Saved data entries
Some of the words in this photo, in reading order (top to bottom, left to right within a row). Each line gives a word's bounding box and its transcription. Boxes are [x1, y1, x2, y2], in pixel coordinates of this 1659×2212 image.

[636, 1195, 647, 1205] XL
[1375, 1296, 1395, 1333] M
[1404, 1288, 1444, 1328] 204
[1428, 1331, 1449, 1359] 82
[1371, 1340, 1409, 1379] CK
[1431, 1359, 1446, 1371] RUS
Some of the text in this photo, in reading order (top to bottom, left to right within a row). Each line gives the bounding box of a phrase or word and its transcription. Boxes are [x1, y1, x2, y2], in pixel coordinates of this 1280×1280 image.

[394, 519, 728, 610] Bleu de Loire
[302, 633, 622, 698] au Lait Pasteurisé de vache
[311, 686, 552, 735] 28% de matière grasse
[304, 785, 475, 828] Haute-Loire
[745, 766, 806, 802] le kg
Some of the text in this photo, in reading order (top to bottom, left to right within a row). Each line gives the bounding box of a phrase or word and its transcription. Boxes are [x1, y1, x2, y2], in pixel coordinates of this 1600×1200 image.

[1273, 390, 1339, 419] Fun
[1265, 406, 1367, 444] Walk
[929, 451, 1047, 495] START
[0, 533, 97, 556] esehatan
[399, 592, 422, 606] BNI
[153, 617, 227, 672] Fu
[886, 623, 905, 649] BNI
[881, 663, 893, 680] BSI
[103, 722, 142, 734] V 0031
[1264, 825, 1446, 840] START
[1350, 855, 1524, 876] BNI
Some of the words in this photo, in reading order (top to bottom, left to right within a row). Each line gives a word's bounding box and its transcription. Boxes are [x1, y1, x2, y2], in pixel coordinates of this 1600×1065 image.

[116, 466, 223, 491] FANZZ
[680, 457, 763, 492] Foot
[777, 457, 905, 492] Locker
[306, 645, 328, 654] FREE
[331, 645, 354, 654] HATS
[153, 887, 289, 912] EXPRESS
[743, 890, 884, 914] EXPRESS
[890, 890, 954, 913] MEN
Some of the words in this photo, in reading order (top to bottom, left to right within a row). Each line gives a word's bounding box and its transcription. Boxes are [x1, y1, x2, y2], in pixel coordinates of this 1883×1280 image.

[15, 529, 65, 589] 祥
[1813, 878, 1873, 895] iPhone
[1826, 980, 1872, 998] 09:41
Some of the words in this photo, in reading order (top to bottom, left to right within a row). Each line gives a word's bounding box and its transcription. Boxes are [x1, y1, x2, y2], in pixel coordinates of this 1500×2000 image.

* [WHAT THE TASK REQUIRES]:
Copy every record verbatim.

* [WRITTEN REPLY]:
Some of the words in this photo, in reading order (top to bottom, left to right within a row). Each line gives a word's bounding box and its transcription. Boxes are [x1, y1, x2, y2], in pixel coordinates of this 1659×2212 image.

[636, 1195, 647, 1205] XL
[1375, 1296, 1395, 1333] M
[1404, 1288, 1444, 1328] 204
[1428, 1331, 1449, 1359] 82
[1371, 1340, 1409, 1379] CK
[1431, 1359, 1446, 1371] RUS
Some of the text in this photo, in reading order (top to bottom, left to right within a row). Each line gives the bounding box of a phrase or word and its transcription. Boxes are [x1, y1, x2, y2], in pixel coordinates of this 1280×1280 image.

[394, 519, 728, 610] Bleu de Loire
[302, 633, 622, 698] au Lait Pasteurisé de vache
[311, 686, 552, 735] 28% de matière grasse
[304, 785, 475, 828] Haute-Loire
[745, 766, 806, 802] le kg
Some of the text in this photo, in reading order (top to bottom, left to right within a row). Each line gives the bounding box of a phrase or word and its transcription. Boxes are [x1, y1, x2, y2], in pixel coordinates of this 1600×1200 image.

[1273, 390, 1339, 419] Fun
[1265, 406, 1367, 444] Walk
[929, 451, 1047, 495] START
[0, 533, 97, 556] esehatan
[399, 592, 422, 606] BNI
[153, 617, 227, 672] Fu
[886, 623, 905, 649] BNI
[881, 663, 893, 680] BSI
[103, 722, 142, 734] V 0031
[1264, 825, 1446, 840] START
[1350, 855, 1524, 876] BNI
Some of the words in this photo, in reading order (top to bottom, left to right within a row). Each line gives a word's bounding box and its transcription. Boxes are [x1, y1, x2, y2], in pixel coordinates of this 1600×1065 image.

[116, 466, 223, 491] FANZZ
[680, 457, 763, 492] Foot
[777, 457, 905, 492] Locker
[306, 645, 328, 654] FREE
[331, 645, 354, 654] HATS
[153, 887, 289, 912] EXPRESS
[743, 890, 884, 914] EXPRESS
[890, 890, 954, 913] MEN
Some of the words in this photo, in reading order (top to bottom, left to right within a row). Each line gives a word's bounding box and its transcription. Boxes are [x1, y1, x2, y2], in pixel coordinates of this 1883×1280 image.

[15, 529, 65, 589] 祥
[1813, 878, 1873, 895] iPhone
[1826, 980, 1872, 998] 09:41
Some of the words in this photo, in reading order (top to bottom, left to right within a row). Each line gives a word's bounding box and its transcription. Boxes are [x1, y1, x2, y2], in pixel coordinates of this 1500×2000 image.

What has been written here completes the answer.